Abstract

Left subclavian artery (LSA) revascularization during thoracic endovascular aortic repair (TEVAR) is necessary to reduce postoperative complications in patients with Stanford type B aortic dissection and an insufficient proximal anchoring area. However, the efficacy and safety of different LSA revascularization strategies remain unclear. Here, we compared these strategies to provide a clinical basis for selecting an appropriate LSA revascularization method.
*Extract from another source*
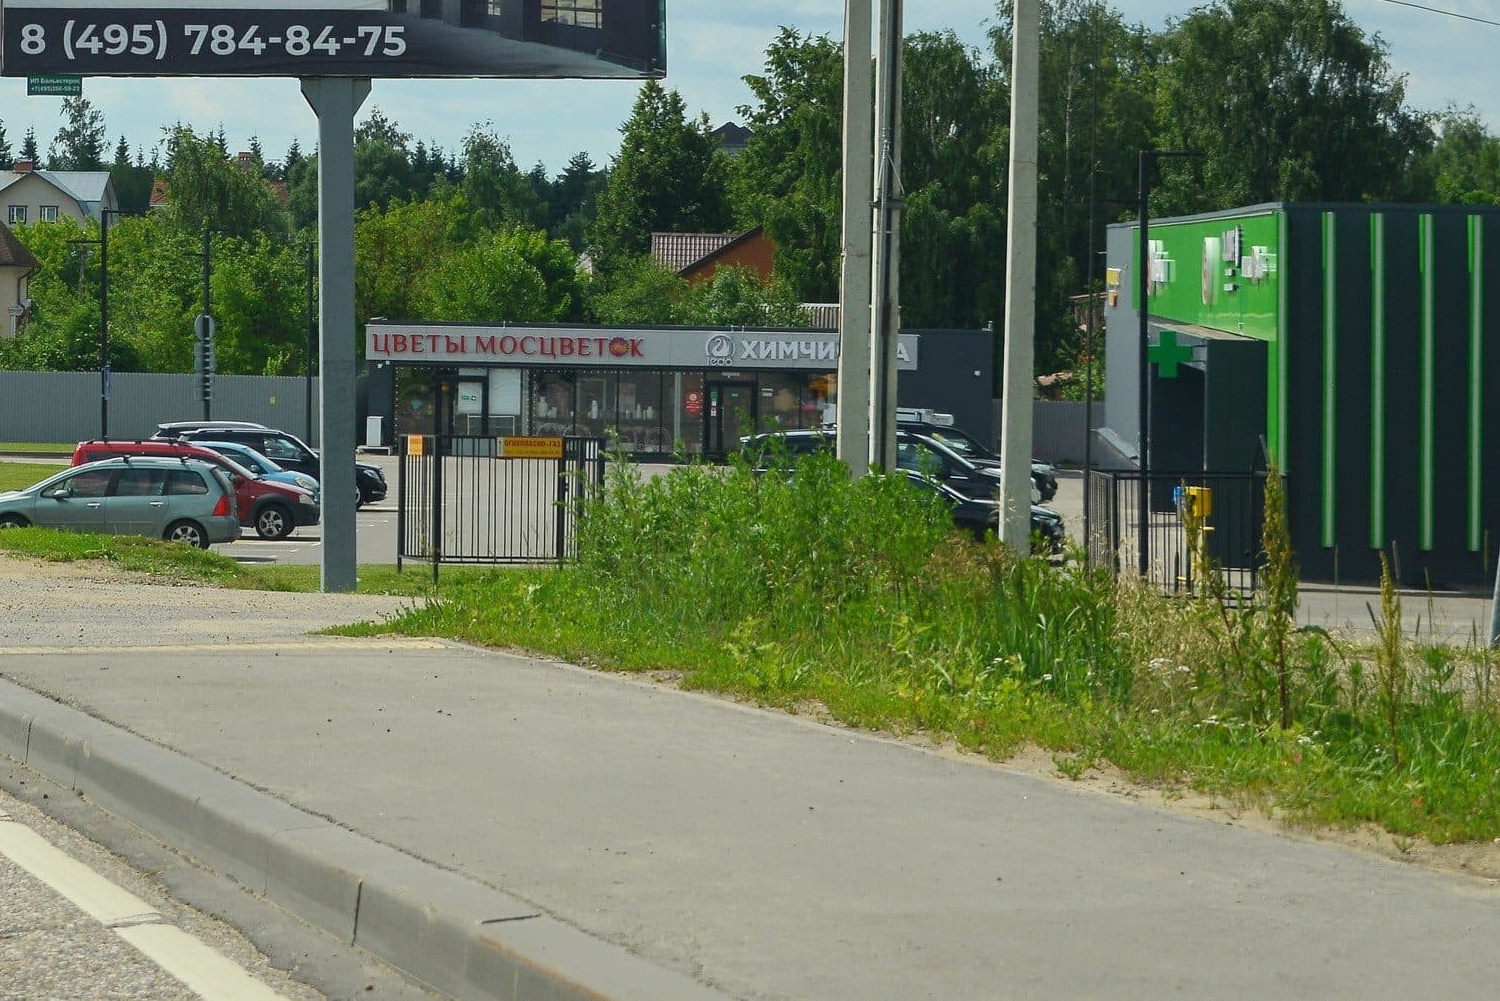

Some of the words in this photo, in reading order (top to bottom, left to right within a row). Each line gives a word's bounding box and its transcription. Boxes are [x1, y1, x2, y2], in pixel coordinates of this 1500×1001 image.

In this study, we included 105 patients with type B aortic dissection who were treated using TEVAR combined with LSA reconstruction in the Second Hospital of Lanzhou University from March 2013 to 2020. They were divided into four groups according to the method used for LSA reconstruction, namely, carotid subclavian bypass (CSB; n = 41), chimney graft (CG; n = 29), single-branched stent graft (SBSG; n = 21), and physician-made fenestration (PMF; n = 14) groups. Finally, we collected and analyzed the baseline, perioperative, operative, postoperative, and follow-up data of the patients. The treatment success rate was 100% in all the groups, and CSB + TEVAR was the most commonly used procedure in emergency settings compared with the other three procedures (P < 0.05). The estimated blood loss, contrast agent volume, fluoroscopic time, operation time, and limb ischemia symptoms during the follow-up were significantly different in the four groups (P < 0.05). Pairwise comparison among groups indicated that the estimated blood loss and operation time in the CSB group were the highest (adjusted P < 0.0083; P < 0.05). The contrast agent volume and fluoroscopy duration were the highest in the SBSG groups, followed by PMF, CG, and CSB groups. The incidence of limb ischemia symptoms was the highest in the PMF group (28.6%) during the follow-up. The incidence of complications (except limb ischemia symptoms) during the perioperative and follow-up periods was similar among the four groups (P > 0.05) The median follow-up time of CSB, CG, SBSG, and PMF groups was significantly different (P < 0.05), and the CSB group had the longest follow-up. Our single-center experience suggested that the PMF technique increased the risk of limb ischemia symptoms. The other three strategies effectively and safely restored LSA perfusion in patients with type B aortic dissection and had comparable complications. Overall, different LSA revascularization techniques have their advantages and disadvantages.